Portela de Tempos Atrás

Na semana passada revelamos que o samba atualmente conhecido comoÓpio” foi composto em 1928 e se chamava “Beijo de Ópio”. Vimos também que a parceria autora do samba original, Paulo da Portela e Heitor dos Prazeres, foi substituída posteriormente por Paulo da Portela e Casquinha. Também ficou claro que Casquinha não pode ter sido oparceiro de Paulo da Portela no samba original, já que em 1928, ele tinha apenas seis anos de idade.

O que teria acontecido não está registrado. Pelo menos, não foi possível encontrar nada que nos levasse aos motivos da mudança. Restou-nos apenas uma tese…

É de conhecimento geral que os sambistas da antiga, muitas vezes, compunham só a primeira parte dos seus sambas e convidavam parceiros para escreverem a segunda parte. Assim nasceram muitas parcerias famosas. Outra forma, no entanto mais difícil, eram os sambistas geniais que criavam uma segunda parte na hora, após ouvir a primeira parte, surpreendendo a todos que presenciavam a cena.

Otto Henrique Trepte, o Casquinha, é um desses gênios! Para ilustrarmos o quanto Casquinha era reconhecido por suas “tiradas” nas letras de sambas, lançamos mão do imperdível documentário “Casquinha, o center half da Portela” (foto abaixo). Participam deste trabalho em vídeo Monarco, Tia Surica, Serginho Procópio, Guaracy, Mauro Diniz, membros da Velha Guarda da Portela, Beth Carvalho, Zeca Pagodinho, Teresa Cristina, dentre outros. Nele, Mauro Diniz recorda como Casquinha compôs, quase na hora, a segunda parte do samba “Recado”, cuja primeira parte é de Paulinho da Viola. Façanha inesquecível realizada dentro da quadra da Portela. Provas não faltam!

Casquinha é um dos poucos que possuem este dom e cujo estilo é incomparável. A segunda parte do samba “Ópio” traz esta marca. É esta uma de suas qualidades e justamente a que permitiu que ele se tornasse parceiro de Paulo da Portela nesta obra. No entanto falta ainda um esclarecimento. Por que a letra foi substituída?

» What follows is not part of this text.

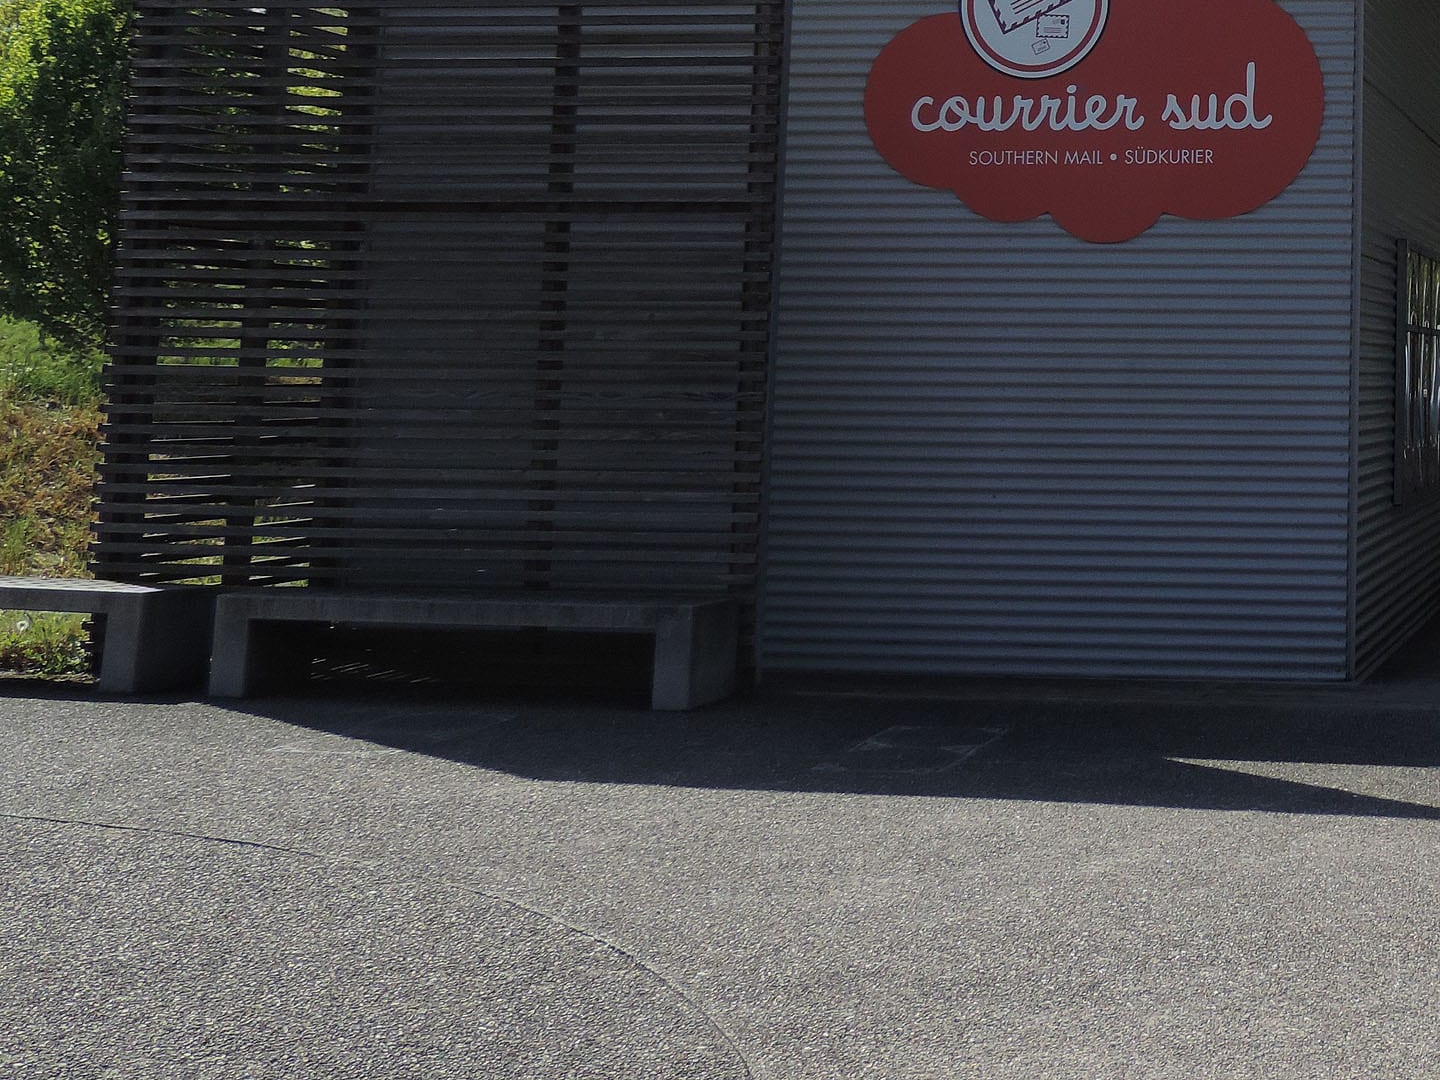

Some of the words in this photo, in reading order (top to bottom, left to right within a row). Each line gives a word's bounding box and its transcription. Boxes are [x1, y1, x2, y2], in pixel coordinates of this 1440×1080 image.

Conta a historiografia que na década de 30, Heitor dos Prazeres teve um desentendimento com compositor portelense já falecido por causa de um samba. Heitor teria registrado o samba em seu nome. Heitor também teve um contratempo com Manoel Bambambam, diretor de Harmonia da Portela nas décadas de 30 e 40, personagem muito influente na Escola de Osvaldo Cruz.

Logo depois do carnaval de 1941, no episódio que acabou com o afastamento de Paulo da Portela da Escola, Heitor teria se distanciado um pouco da Portela envolvendo-seem outras atividades, como está fartamente descrito em sua biografia. Algumas das obras compostas por Heitor teriam se perdido neste período. Com certeza, “Beijo de Ópio” é uma delas, já que desconhecemos outros registros além do publicado no artigo anterior. 

 

Assim, da versão inicial de “Beijo de Ópio” ficou guardada na memória portelense apenas a primeira parte composta por Paulo da Portela. A segunda parte do samba foi esquecida. Até que Casquinha, percebendo a importância da obra, criou a conhecida segunda parte gravada no LP “Velha Guarda da Portela, Homenagem a Paulo da Portela”, pela Ideia Livre Produções Culturais Ltda..

 

Provavelmente Casquinha, ao ler este artigo, passou a ficar sabendo, junto com você, que “Ópio” se chamava “Beijo de Ópio” e que possuía uma segunda parte composta por Heitor os Prazeres.

 

Desta forma, o atual samba “Ópio” é por direito obra de Paulo da Portela e Casquinha. As gravadoras não tem com o que se preocupar.

 

Acabou? Não. Se você nunca parou para prestar atenção nas composições de Casquinha está perdendo duas oportunidades: de ouvi-las sendo executadas pelo próprio Casquinha e de apreciar o samba sincopado, tipo raro e difícil de composição cujo seu maior expoente vivo é Casquinha.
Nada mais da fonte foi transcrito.